DELİLLERİN İNCELENMESİ VE GEREKÇE;
Dava, eser sözleşmesinin haklı feshi sebebine dayalı tazminat davasıdır.
Davanın açıldığı tarihte yürürlükte bulunan usul hükümleri doğrultusunda basit yargılama usulüne tabi olarak oluşturulan tensibe istinaden yargılamaya başlanmış, yöntemine uygun ön inceleme duruşması açılarak öncelikle dava şartları ve ilk itirazlar incelenmiş, hukuki ihtilaf noktaları belirlenmiştir.

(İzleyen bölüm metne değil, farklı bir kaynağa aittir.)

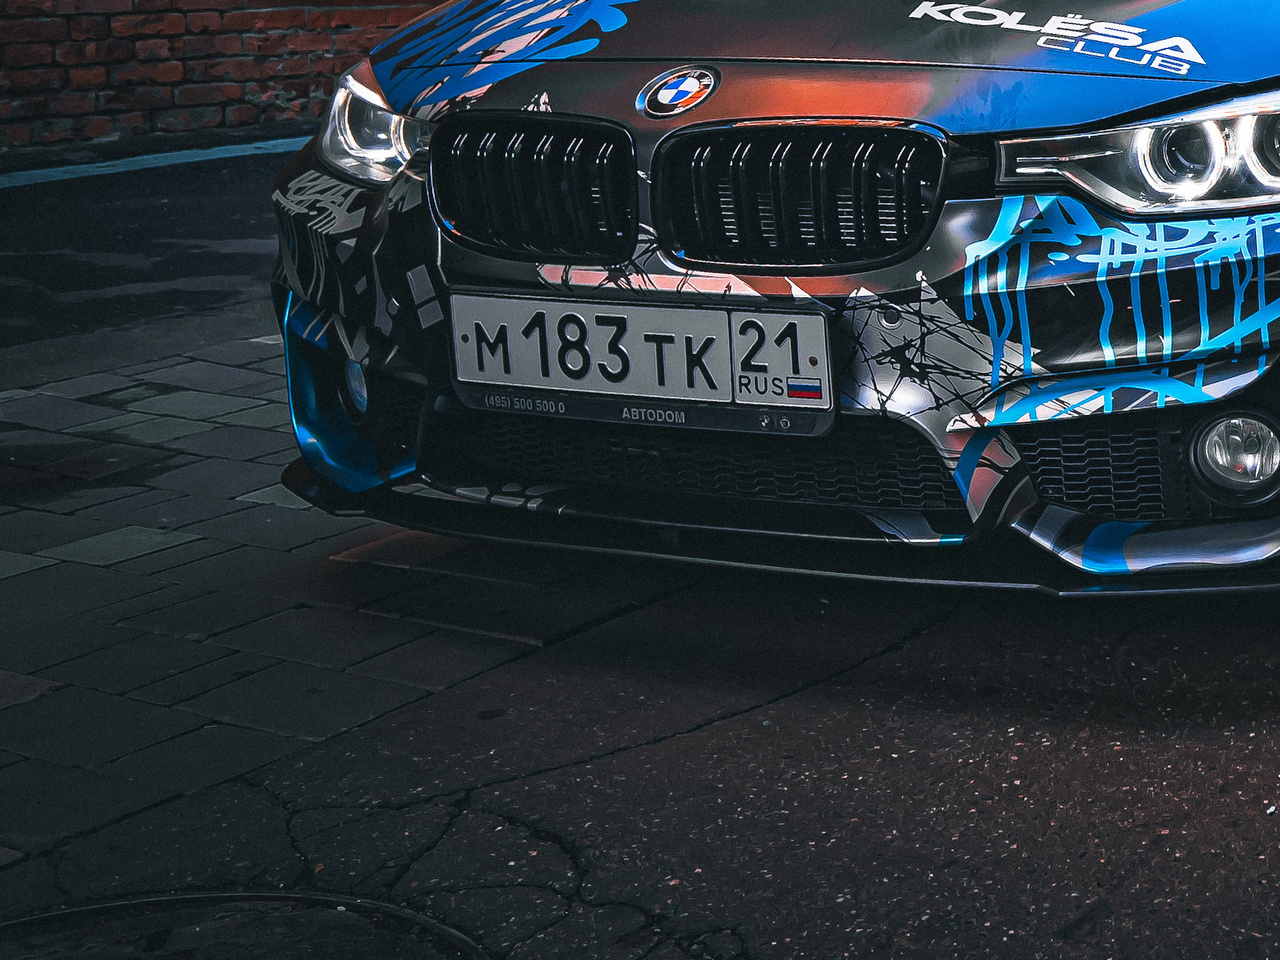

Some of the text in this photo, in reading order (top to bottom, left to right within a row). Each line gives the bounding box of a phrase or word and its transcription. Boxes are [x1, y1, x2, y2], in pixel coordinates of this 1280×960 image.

[1036, 36, 1190, 75] CLUB
[739, 319, 799, 375] 21
[739, 375, 784, 395] RUS
[485, 395, 511, 409] (495)
[513, 398, 534, 411] 500
[536, 400, 556, 414] 500

Davacı vekili 20/06/2023 tarihli duruşmadaki beyanında; davadan feragat ettiklerini, vekalet ücreti ve yargılama gideri talepleri bulunmadığını beyan etmiş, vekaletnamesinde feragat yetkisinin bulunduğu görülmüştür.HMK 307. vd maddeleri gereğince davadan feragatin, davayı kesin hüküm gibi sonuçlandıran taraf işlemlerinden olduğu, hüküm ifade edilmesi için karşı tarafın ve mahkemenin muvafakatine de bağlı olmadığı hükme bağlanmış olup davacı vekilinin vekaletnamesi incelendiğinde davadan feragat etmeye yetkisinin bulunduğu anlaşılmakla açılan davanın feragat nedeniyle reddine dair aşağıdaki hüküm kurulmuştur:

HÜKÜM : Yukarıda açıklanan nedenlerle;
1-Davacının davasının FERAGAT NEDENİYLE REDDİNE,
2-Harçlar Kanununa göre alınması gerekli 179,90-TL karar harcının HAZİNEYE GELİR KAYDINA,
3-Davacı tarafından yatırılan 597,72-TL peşin harcın, alınması gereken 179,90-TL karar harcından mahsubu ile artan 417,82-TL’nin karar kesinleştiğinde ve talep halinde davacıya verilmesine,
4-Davacı tarafından bilirkişi ücreti, tebligat, posta ve müzekkere gideri olarak sarf edilen 2.387,70-TL yargılama giderinin davacı üzerinde bırakılmasına,
5-Davalı tarafından yapılan 137,30-TL yargılama giderinin davacıdan alınarak davalıya verilmesine,
6-Ret olunan dava yönünden Avukatlık Asgari Ücret tarifesine göre davalı lehine takdir olunan 9.200,00-TL vekalet ücretinin davacıdan alınarak davalıya verilmesine,
7-Dosyada mevcut gider avansının karar kesinleştiğinde ve talep halinde yatıran tarafa iadesine,Dair, taraf vekillerinin yüzüne karşı, kararın tebliğinden itibaren 2 haftalık yasal süre içerisinde —– Bölge Adliye Mahkemesine istinaf yolu açık olmak üzere verilen karar, açıkça okunup usulen anlatıldı.